━━━━━ Data
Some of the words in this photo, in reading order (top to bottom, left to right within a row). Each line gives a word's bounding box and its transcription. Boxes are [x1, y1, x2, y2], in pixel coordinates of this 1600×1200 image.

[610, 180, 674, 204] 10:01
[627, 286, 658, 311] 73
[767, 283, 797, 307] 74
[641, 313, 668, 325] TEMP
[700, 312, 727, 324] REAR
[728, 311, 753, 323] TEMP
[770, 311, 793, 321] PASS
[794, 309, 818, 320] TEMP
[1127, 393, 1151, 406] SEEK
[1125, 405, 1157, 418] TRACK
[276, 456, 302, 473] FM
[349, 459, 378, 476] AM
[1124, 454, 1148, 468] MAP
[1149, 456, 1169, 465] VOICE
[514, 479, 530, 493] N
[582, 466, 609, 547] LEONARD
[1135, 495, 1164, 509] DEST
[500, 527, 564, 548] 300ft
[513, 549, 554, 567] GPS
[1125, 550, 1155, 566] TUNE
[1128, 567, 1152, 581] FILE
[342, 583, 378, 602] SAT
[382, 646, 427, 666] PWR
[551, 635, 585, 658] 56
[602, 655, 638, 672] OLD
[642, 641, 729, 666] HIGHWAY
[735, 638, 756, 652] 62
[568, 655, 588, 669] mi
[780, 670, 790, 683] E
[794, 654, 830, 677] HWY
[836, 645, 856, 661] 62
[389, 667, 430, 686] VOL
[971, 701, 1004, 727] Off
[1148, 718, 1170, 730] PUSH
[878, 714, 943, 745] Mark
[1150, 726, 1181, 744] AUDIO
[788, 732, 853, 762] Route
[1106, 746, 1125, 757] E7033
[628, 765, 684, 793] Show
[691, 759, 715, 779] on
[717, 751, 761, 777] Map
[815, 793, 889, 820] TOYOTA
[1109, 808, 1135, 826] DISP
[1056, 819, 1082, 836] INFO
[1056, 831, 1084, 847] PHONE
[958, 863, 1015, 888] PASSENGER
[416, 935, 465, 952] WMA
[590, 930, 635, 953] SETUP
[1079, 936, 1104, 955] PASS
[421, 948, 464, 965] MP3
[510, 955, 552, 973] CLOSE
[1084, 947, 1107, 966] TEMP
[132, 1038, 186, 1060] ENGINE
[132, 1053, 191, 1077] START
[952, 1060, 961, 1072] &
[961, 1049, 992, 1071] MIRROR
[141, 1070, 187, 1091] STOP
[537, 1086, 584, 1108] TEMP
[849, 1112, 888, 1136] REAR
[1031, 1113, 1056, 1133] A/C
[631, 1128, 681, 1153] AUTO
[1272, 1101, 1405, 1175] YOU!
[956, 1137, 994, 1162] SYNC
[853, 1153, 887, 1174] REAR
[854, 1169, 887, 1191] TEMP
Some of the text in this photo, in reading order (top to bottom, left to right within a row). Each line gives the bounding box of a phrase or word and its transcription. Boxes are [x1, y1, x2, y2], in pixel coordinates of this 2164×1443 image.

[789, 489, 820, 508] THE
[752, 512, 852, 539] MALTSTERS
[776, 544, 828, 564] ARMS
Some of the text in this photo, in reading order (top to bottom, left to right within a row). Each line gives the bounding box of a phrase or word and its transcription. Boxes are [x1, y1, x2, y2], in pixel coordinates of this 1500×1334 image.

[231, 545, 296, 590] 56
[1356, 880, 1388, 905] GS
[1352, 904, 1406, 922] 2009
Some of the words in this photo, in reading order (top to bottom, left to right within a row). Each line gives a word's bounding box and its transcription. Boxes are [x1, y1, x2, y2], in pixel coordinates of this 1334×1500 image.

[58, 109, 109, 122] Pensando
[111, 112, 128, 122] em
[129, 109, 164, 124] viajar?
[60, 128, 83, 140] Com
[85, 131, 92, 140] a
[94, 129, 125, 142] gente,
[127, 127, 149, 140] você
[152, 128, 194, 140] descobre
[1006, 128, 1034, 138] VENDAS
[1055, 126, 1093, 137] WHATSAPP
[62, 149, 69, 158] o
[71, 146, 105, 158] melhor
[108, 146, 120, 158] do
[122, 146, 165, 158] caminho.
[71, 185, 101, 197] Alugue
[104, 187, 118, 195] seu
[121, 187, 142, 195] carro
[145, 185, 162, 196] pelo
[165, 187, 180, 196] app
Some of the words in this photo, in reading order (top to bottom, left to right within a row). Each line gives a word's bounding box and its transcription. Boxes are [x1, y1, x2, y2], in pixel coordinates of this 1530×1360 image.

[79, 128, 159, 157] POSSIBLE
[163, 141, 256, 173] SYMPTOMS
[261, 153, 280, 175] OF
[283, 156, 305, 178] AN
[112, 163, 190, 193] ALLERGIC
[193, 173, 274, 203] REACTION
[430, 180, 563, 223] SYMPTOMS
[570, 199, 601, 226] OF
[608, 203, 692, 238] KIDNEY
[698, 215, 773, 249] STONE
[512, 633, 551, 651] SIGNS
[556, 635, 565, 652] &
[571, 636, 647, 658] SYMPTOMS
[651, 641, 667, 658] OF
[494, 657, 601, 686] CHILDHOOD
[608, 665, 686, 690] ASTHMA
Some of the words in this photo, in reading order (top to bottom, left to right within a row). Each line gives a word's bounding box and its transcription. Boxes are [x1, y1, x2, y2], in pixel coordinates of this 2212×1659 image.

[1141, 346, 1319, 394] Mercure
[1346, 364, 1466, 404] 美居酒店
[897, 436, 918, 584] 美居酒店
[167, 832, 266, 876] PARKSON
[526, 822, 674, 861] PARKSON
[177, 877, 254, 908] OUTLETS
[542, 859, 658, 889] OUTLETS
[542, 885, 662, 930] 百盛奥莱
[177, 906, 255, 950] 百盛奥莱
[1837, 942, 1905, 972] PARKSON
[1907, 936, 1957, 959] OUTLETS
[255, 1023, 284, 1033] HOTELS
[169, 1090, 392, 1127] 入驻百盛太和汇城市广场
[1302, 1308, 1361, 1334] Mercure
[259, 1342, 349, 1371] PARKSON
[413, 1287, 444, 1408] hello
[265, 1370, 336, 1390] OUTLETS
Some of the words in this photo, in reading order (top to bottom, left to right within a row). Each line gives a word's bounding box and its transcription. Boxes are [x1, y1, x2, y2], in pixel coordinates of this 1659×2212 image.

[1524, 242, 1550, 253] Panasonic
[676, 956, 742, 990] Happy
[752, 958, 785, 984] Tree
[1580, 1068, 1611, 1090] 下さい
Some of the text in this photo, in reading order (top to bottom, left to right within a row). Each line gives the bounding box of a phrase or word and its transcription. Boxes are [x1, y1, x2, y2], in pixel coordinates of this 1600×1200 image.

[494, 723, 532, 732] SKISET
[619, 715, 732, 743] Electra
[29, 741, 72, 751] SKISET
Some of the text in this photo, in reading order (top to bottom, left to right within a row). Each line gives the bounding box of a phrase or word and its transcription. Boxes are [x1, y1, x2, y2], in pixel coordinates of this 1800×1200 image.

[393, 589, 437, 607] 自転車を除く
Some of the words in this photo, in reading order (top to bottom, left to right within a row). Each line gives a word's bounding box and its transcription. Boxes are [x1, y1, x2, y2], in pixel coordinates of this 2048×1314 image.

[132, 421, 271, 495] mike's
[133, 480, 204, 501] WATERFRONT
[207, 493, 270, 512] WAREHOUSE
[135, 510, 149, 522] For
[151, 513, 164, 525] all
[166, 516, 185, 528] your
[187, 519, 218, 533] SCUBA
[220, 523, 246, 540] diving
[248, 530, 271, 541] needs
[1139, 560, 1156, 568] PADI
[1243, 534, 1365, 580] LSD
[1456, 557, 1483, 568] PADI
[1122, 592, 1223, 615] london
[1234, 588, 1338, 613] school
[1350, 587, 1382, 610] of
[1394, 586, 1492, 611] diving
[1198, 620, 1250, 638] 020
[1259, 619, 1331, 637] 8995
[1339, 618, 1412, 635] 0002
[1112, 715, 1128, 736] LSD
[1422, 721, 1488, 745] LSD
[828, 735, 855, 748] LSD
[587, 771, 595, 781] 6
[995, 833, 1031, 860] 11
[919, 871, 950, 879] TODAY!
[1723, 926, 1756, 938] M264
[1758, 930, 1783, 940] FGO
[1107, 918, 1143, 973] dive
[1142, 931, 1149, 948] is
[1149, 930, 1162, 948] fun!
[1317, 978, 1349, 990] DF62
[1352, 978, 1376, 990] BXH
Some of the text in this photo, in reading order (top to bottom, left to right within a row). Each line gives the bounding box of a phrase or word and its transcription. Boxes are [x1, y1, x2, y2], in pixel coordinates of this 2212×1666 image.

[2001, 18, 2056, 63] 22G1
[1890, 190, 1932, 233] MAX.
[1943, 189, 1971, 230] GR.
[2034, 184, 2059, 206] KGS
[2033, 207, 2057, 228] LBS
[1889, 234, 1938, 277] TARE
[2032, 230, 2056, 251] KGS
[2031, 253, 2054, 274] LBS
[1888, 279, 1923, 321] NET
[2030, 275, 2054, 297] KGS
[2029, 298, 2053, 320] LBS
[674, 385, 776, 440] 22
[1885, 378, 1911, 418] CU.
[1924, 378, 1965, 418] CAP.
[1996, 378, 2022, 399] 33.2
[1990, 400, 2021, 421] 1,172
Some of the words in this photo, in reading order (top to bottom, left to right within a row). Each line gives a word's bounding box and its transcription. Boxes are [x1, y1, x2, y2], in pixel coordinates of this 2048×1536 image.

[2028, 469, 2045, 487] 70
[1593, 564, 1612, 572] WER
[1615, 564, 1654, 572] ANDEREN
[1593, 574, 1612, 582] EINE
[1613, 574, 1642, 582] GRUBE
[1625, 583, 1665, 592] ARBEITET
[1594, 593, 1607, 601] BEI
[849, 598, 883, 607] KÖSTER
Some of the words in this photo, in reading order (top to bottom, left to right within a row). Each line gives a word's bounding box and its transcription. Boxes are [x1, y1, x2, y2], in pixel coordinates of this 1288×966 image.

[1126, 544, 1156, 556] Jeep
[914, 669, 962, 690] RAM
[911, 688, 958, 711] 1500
━━━━━━━━━━
| How to complete this task |
Beginning at the line that holds "this 2048×1536 image.", copy every line through the end of the entries exactly as given, and only those lines.

| Answer area |
Some of the words in this photo, in reading order (top to bottom, left to right within a row). Each line gives a word's bounding box and its transcription. Boxes are [x1, y1, x2, y2], in pixel coordinates of this 2048×1536 image.

[2028, 469, 2045, 487] 70
[1593, 564, 1612, 572] WER
[1615, 564, 1654, 572] ANDEREN
[1593, 574, 1612, 582] EINE
[1613, 574, 1642, 582] GRUBE
[1625, 583, 1665, 592] ARBEITET
[1594, 593, 1607, 601] BEI
[849, 598, 883, 607] KÖSTER
Some of the words in this photo, in reading order (top to bottom, left to right within a row). Each line gives a word's bounding box and its transcription. Boxes are [x1, y1, x2, y2], in pixel coordinates of this 1288×966 image.

[1126, 544, 1156, 556] Jeep
[914, 669, 962, 690] RAM
[911, 688, 958, 711] 1500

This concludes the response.